Records supplied below:

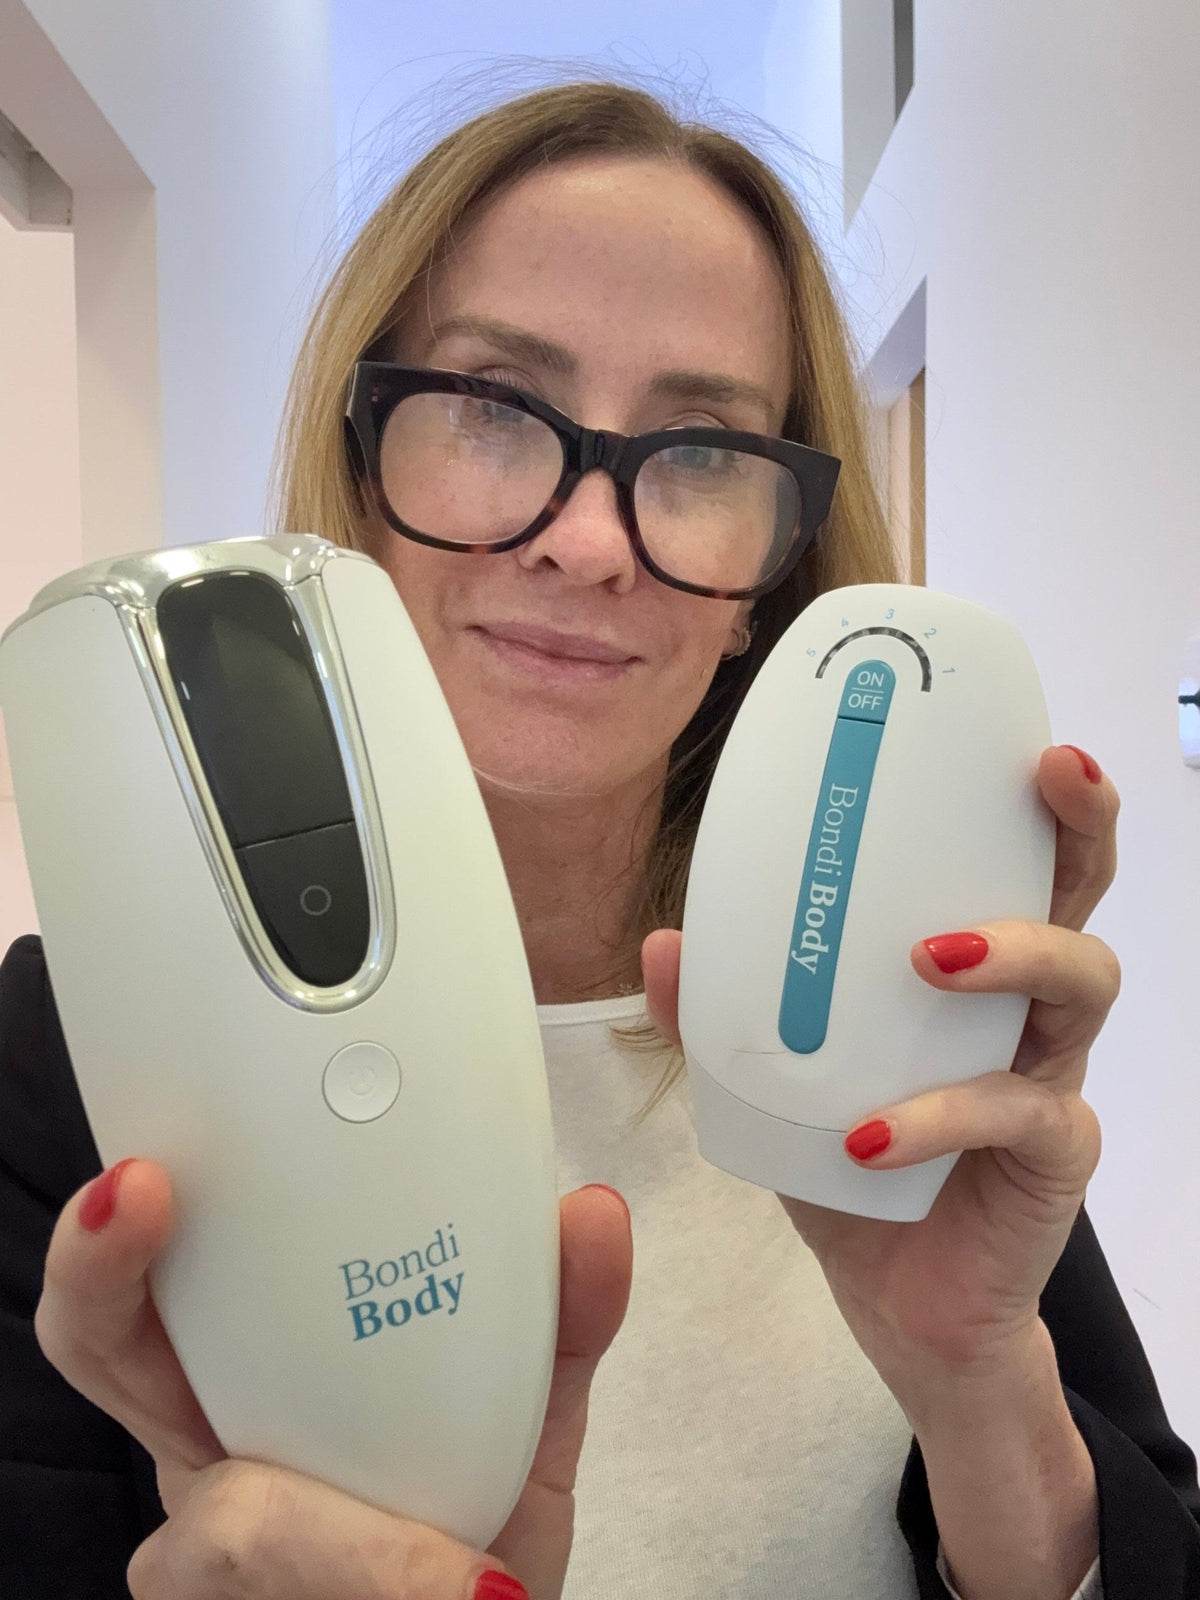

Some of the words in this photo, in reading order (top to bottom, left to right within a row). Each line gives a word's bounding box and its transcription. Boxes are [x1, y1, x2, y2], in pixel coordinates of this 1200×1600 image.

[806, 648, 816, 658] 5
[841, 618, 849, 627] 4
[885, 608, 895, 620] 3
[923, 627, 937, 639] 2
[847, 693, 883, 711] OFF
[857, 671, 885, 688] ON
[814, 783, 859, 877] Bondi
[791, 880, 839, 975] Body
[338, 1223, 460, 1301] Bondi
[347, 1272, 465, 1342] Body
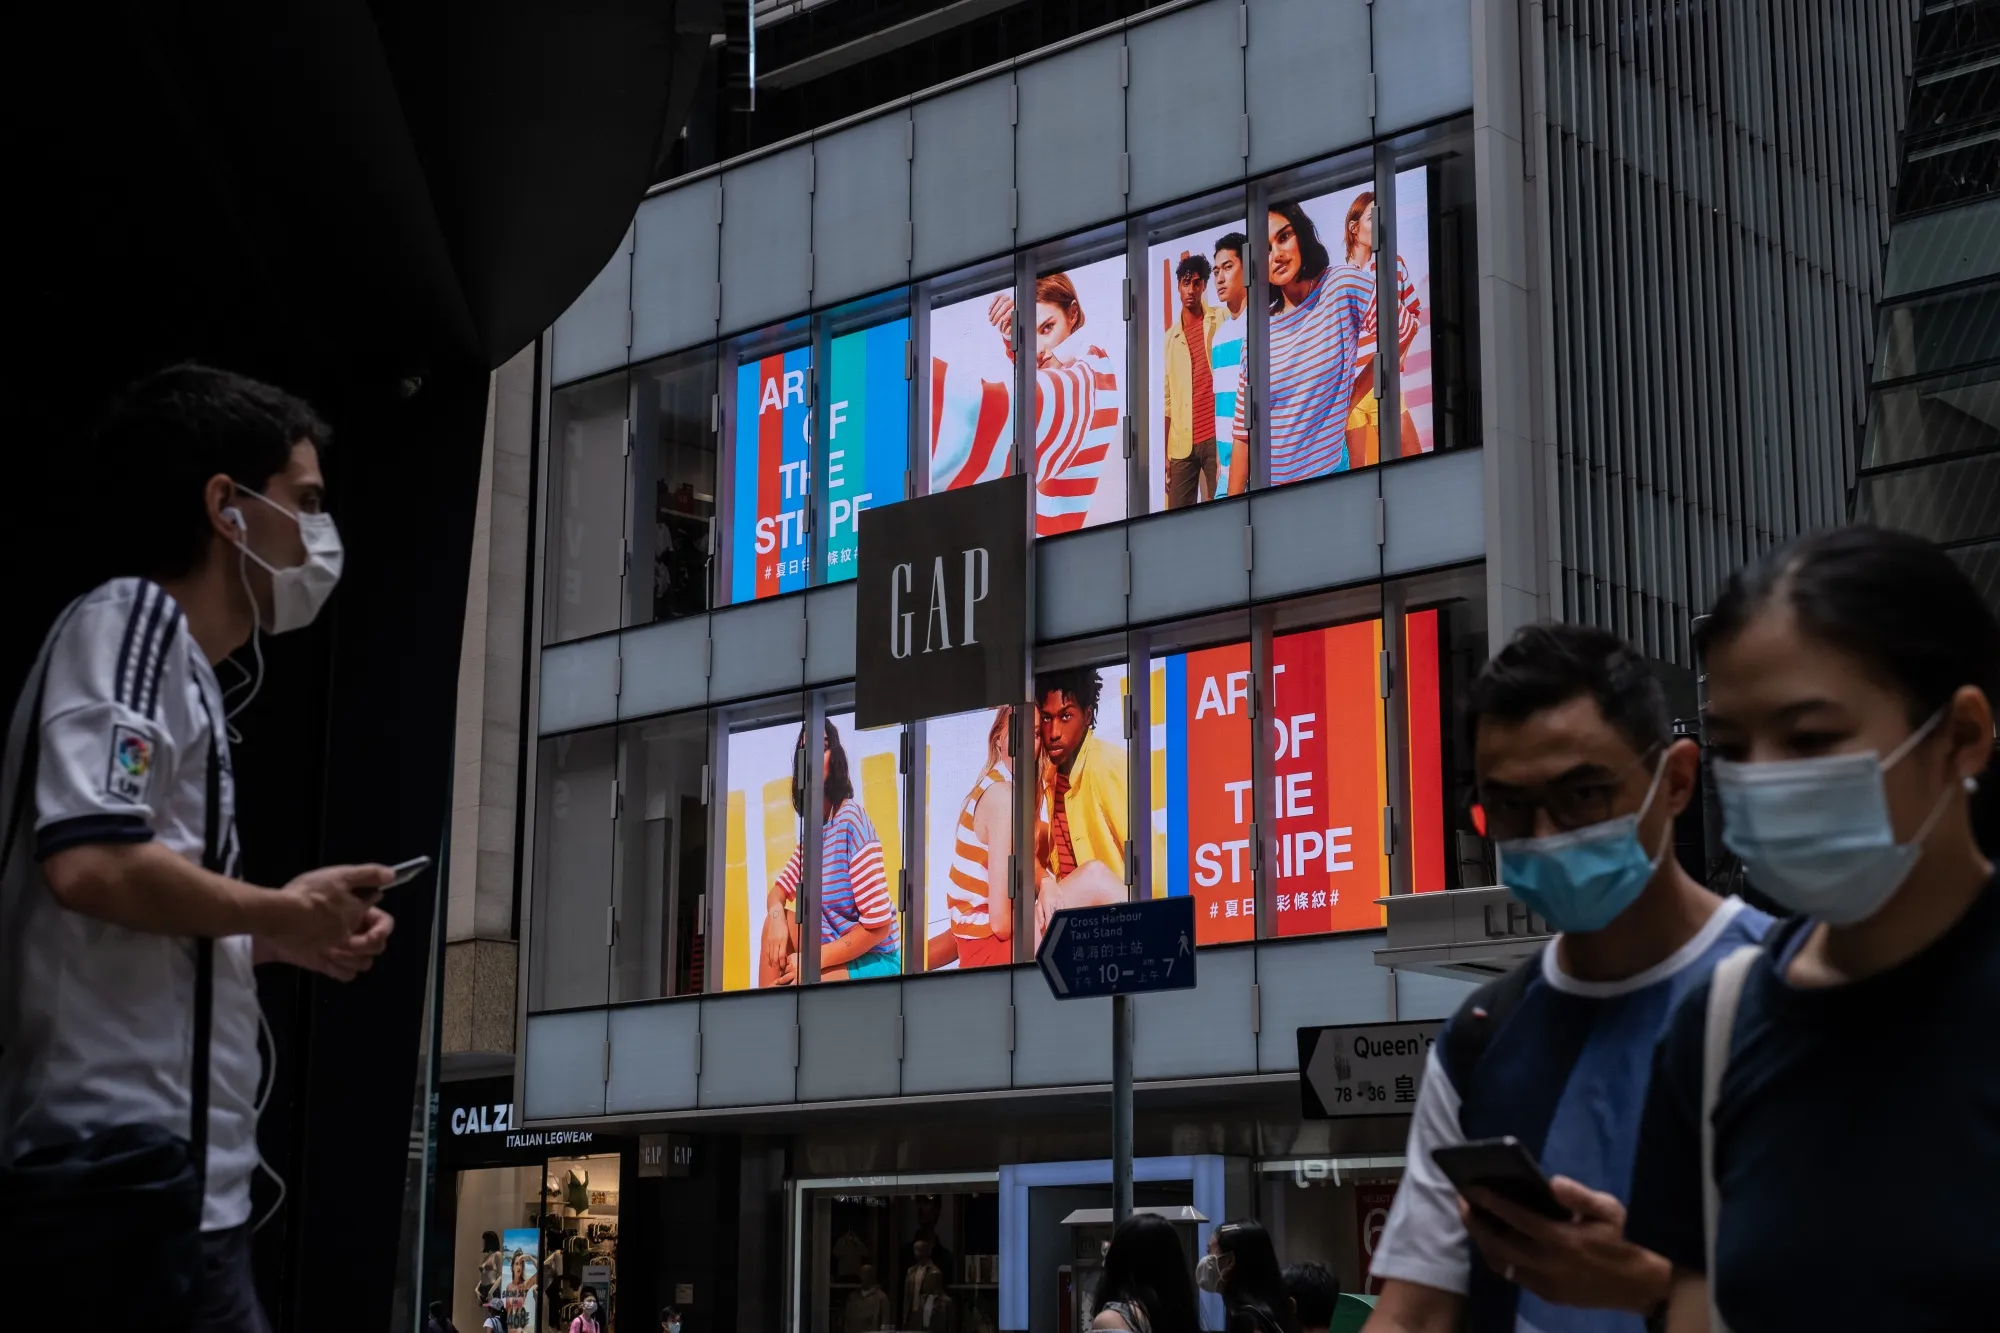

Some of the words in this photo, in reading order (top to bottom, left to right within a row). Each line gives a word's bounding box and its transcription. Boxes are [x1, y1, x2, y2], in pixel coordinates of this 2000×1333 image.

End of Records supplied.

**Exercise objective:** Leaving out the pictures, print every record exactly as written.

**The answer:**
Some of the words in this photo, in reading order (top to bottom, left to right within a row). Each line gives a word's bounding box and its transcription. Boxes are [x1, y1, x2, y2], in pixel coordinates of this 1200×1600 image.

[806, 648, 816, 658] 5
[841, 618, 849, 627] 4
[885, 608, 895, 620] 3
[923, 627, 937, 639] 2
[847, 693, 883, 711] OFF
[857, 671, 885, 688] ON
[814, 783, 859, 877] Bondi
[791, 880, 839, 975] Body
[338, 1223, 460, 1301] Bondi
[347, 1272, 465, 1342] Body

Some of the words in this photo, in reading order (top to bottom, left to right within a row). Each line gives a word's bounding box and its transcription. Boxes are [x1, y1, x2, y2], in pixel coordinates of this 2000×1333 image.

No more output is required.